THE APPEARANCE in America of good writing

about Africa, either in fiction or fact, is rare. There seems to be a steady market for picture books, tales of life in the bush and of lovable wild animals, but not much of a demand for more serious works. As for novels, John Updike's The Coup and V.S. Naipaul's A Bend in the River sold better than they deserved while the best recent novel on Africa, W. T. Tyler's The Ants of God, should have attracted more attention.

Africa has been in the news more in recent years and The Washington Post, The New York Times and The Los Angeles Times have sought to keep first-rate reporters there and have given them space in their papers. Still, the subject, like the continent, is so vast and diverse, that even an interested reader may have difficulty tying it all together.

The single image that does seem to stick in the public mind about Africa is one of disorder. This is scarcely surprising given the far-reaching political changes that have swept the continent during the past 20 years. Beneath the disorder lie the many facets of Africa's effort, against prohibitive odds, to organize first its immediate survival, then an increasing material well being and, finally, a greater sense of human fulfillment.

Selectively applying our own principles and precepts, we are frequently disappointed by, dismayed by or disapproving of what we hear from Africa. Americans have found it particularly difficult to understand or to accept the frequent penchant of post-independent Africa for socialist and Marxist-Leninist ideologies. Apart from racism, no factor has complicated the development of America's political relations with the nearly 50 new states of sub-Sahara Africa as has the matter of radical ideology.

David and Marina Ottaway have plunged into this subject in a serious effort to explain what Marxism- Leninism means in Africa and what its emerging African definition means to the United States. Afrocommunism is not an easy book to read, but it will reward those who stick with it. In a way, in fact, it is two books: at its core it is a detailed examination of the ideological experiences of Mozambique, Angola and Ethiopia. Around this original research are wrapped several splendid chapters which introduce and develop the authors' thesis of the distinct character of "Afrocommunism" and project its meaning, including its implications for U.S. policy.

Inevitably a work which covers as much historical, political and philosophical ground as this one does will provoke criticism from the specialists. There are some points which, I suppose, are open to question but none of them is of consequence as compared to the value of the book's explanation of a critical set of African attitudes.

The Ottaways clearly want to make the point that Afrocommunism is something new under the sun. They get directly to the point on page one:

"The appeal of communism (is) not only stronger than ever before on the continent but Africa's Marxists (appear) to be gaining ground rapidly with the help of massive Soviet, East German and Cuban assistance."

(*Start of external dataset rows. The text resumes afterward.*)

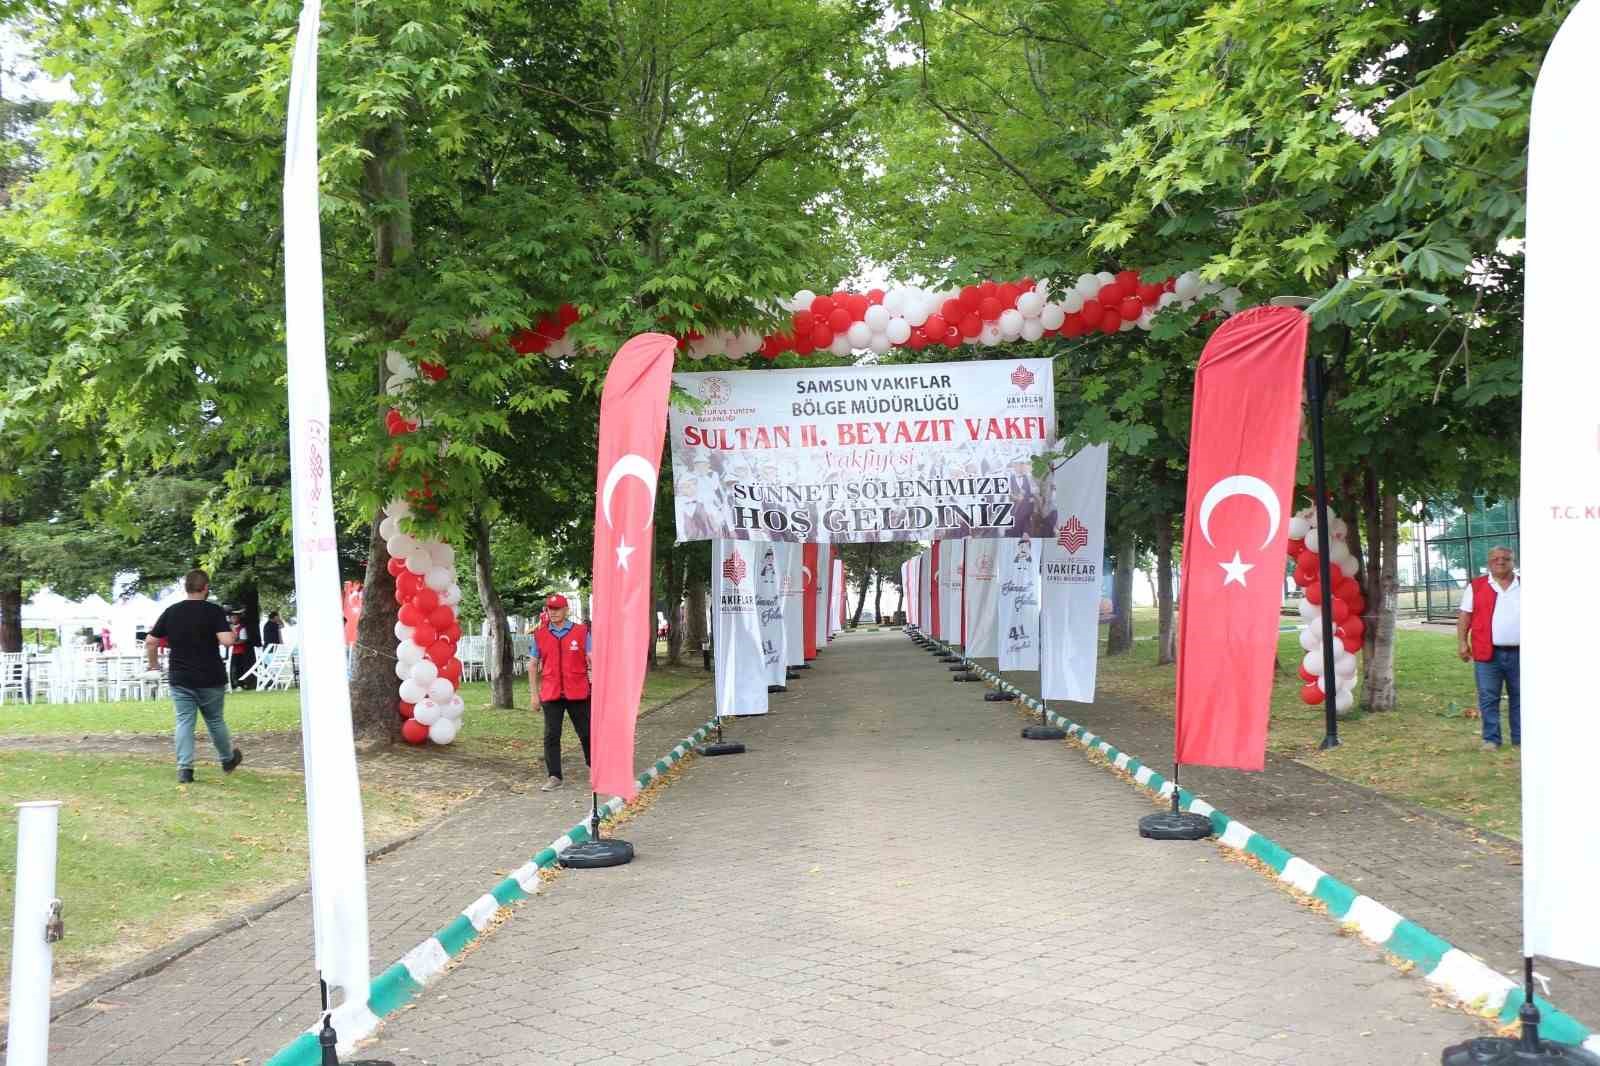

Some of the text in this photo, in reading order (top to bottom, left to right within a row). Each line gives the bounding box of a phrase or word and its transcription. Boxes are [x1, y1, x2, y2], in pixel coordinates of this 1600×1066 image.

[796, 375, 951, 394] SAMSUN VAKIFLAR
[792, 393, 959, 416] BÖLGE MÜDÜRLÜĞÜ
[684, 416, 1046, 450] SULTAN II. BEYAZIT VAKFI
[734, 475, 1009, 504] SÜNNET ŞÖLENİMİZE
[735, 499, 1014, 537] HOŞ GELDİNİZ
[1550, 506, 1600, 519] T.C. K
[1047, 563, 1096, 575] VAKIFLAR

At the same time the authors emphasize what they describe as a "search for a new, more independent relationship between committed African Marxist-Leninist countries and the Soviet Union." Thus, by analogy to the foreign policy component of Eurocommunism, the Ottaways call the emerging stance of the African Marxist-Leninist state Afrocommunism.

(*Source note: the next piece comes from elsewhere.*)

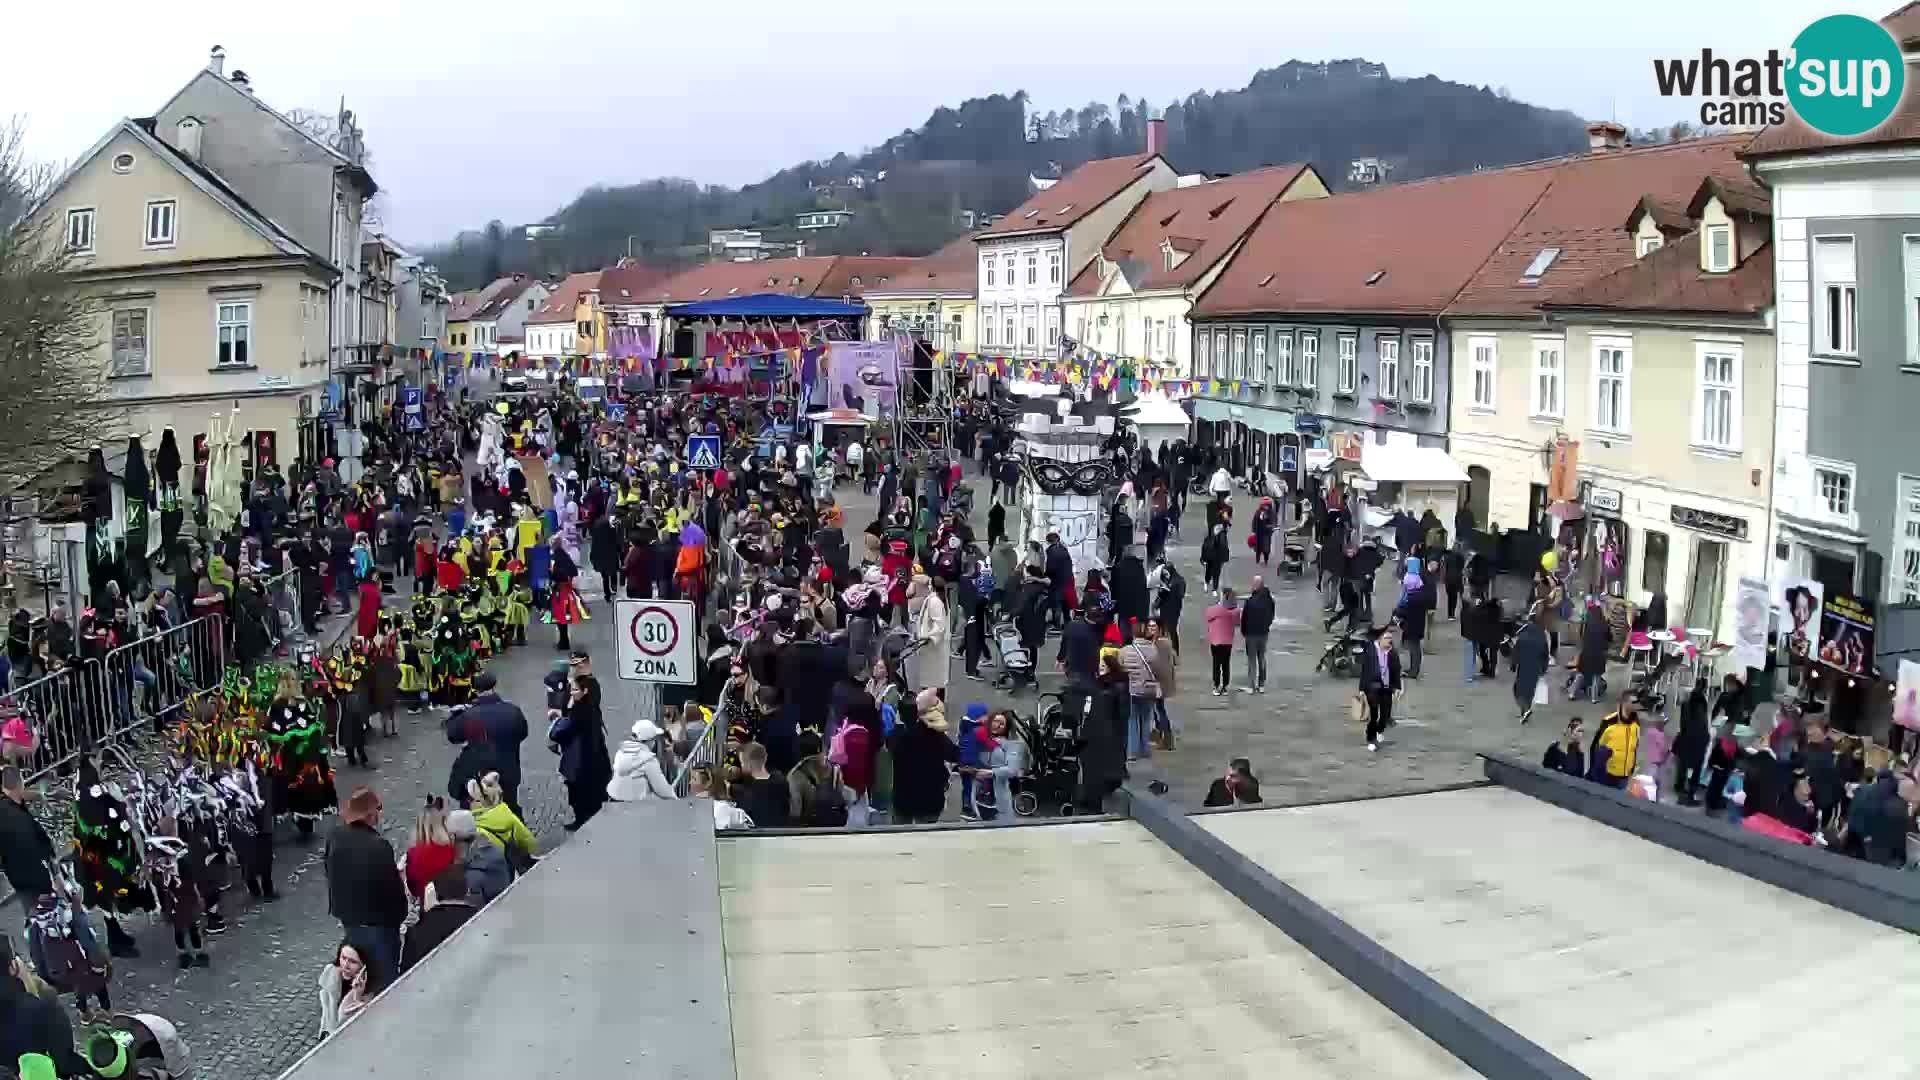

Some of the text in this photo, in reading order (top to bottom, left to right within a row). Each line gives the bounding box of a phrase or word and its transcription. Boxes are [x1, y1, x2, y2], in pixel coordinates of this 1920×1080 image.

[408, 391, 417, 403] P
[644, 622, 667, 642] 30
[634, 660, 678, 676] ZONA

This new work should enrich and surely raise the intellectual level of the partisan and ideological debate over the United States' African policies. There are positive points and hard knocks for everyone. In the latter respect the Ottaways call the testimony of one high Carter administration official on the linkage between certain African states and the communist world "dangerously ethnocentric and self-serving" and charge that his testimony "also obscured, probably deliberately, the ideological basis of these ties." Former secretary of state Henry Kissinger, who simply "knew virtually nothing about the affairs of sub-Sahara Africa," got off rather easily by comparison.

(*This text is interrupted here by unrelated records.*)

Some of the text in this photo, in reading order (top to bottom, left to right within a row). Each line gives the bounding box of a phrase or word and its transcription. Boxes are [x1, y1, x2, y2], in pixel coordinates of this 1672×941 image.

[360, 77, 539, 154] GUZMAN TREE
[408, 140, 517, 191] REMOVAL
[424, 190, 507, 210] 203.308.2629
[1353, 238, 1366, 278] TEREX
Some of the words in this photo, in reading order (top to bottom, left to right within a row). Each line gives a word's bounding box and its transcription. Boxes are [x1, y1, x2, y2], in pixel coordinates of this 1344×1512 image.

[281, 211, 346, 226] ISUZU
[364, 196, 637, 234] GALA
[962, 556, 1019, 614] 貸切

But the impression should not be left that this is a book about American policy toward Africa. The authors' purpose, in their own words, "is to put some order into our thinking about the varieties of African socialism and the apparent new commitment to Marxism-Leninism."

Readers will risk getting lost in the details of Mozambican communal villages, Angolan ethnic politics or the Ethiopian Derg's (the Provisional Military Administrative Council) struggle with such ideological factions as MEISON and EPRP. But it is precisely through painstaking analysis of such details that one comes to appreciate the importance which the authors attach to the impact of ideology in African politics.

The decade of the '80s will likely see the political future of southern Africa decided. Moreover, it will surely be a period of protracted, excruciating economic crisis for the continent as a whole. As these problems mount and as original independence governments pass from the scene, radical solutions will beckon. Then, as the Ottaways point out, Marxism-Leninism will offer a "grab bag of theories in which something can be found to deal with most conditions."

The appeal of Afrcommunism to African leaders, particularly in times of crisis, merits our close attention. While ultimately, as the authors point out, Afrocommunism may fail--given the imperfect fit between ideology and African conditions--we must learn to deal with it in the meanwhile. Unless we learn to distinguish more clearly, as the Ottaways would have us do, between what Marxism in Africa is and is not, and understand more about its origins and its appeal, our policy will remain vulnerable to recurrent fits of hysteria and confusion.

We can neither ignore nor control events in Africa. But we can, depending on the degree of our understanding, help make them better, as we did in Zimbabwe, or worse as we once did in Angola--and could do again. The Ottaways would have us start with the facts--and that is not a bad place to begin.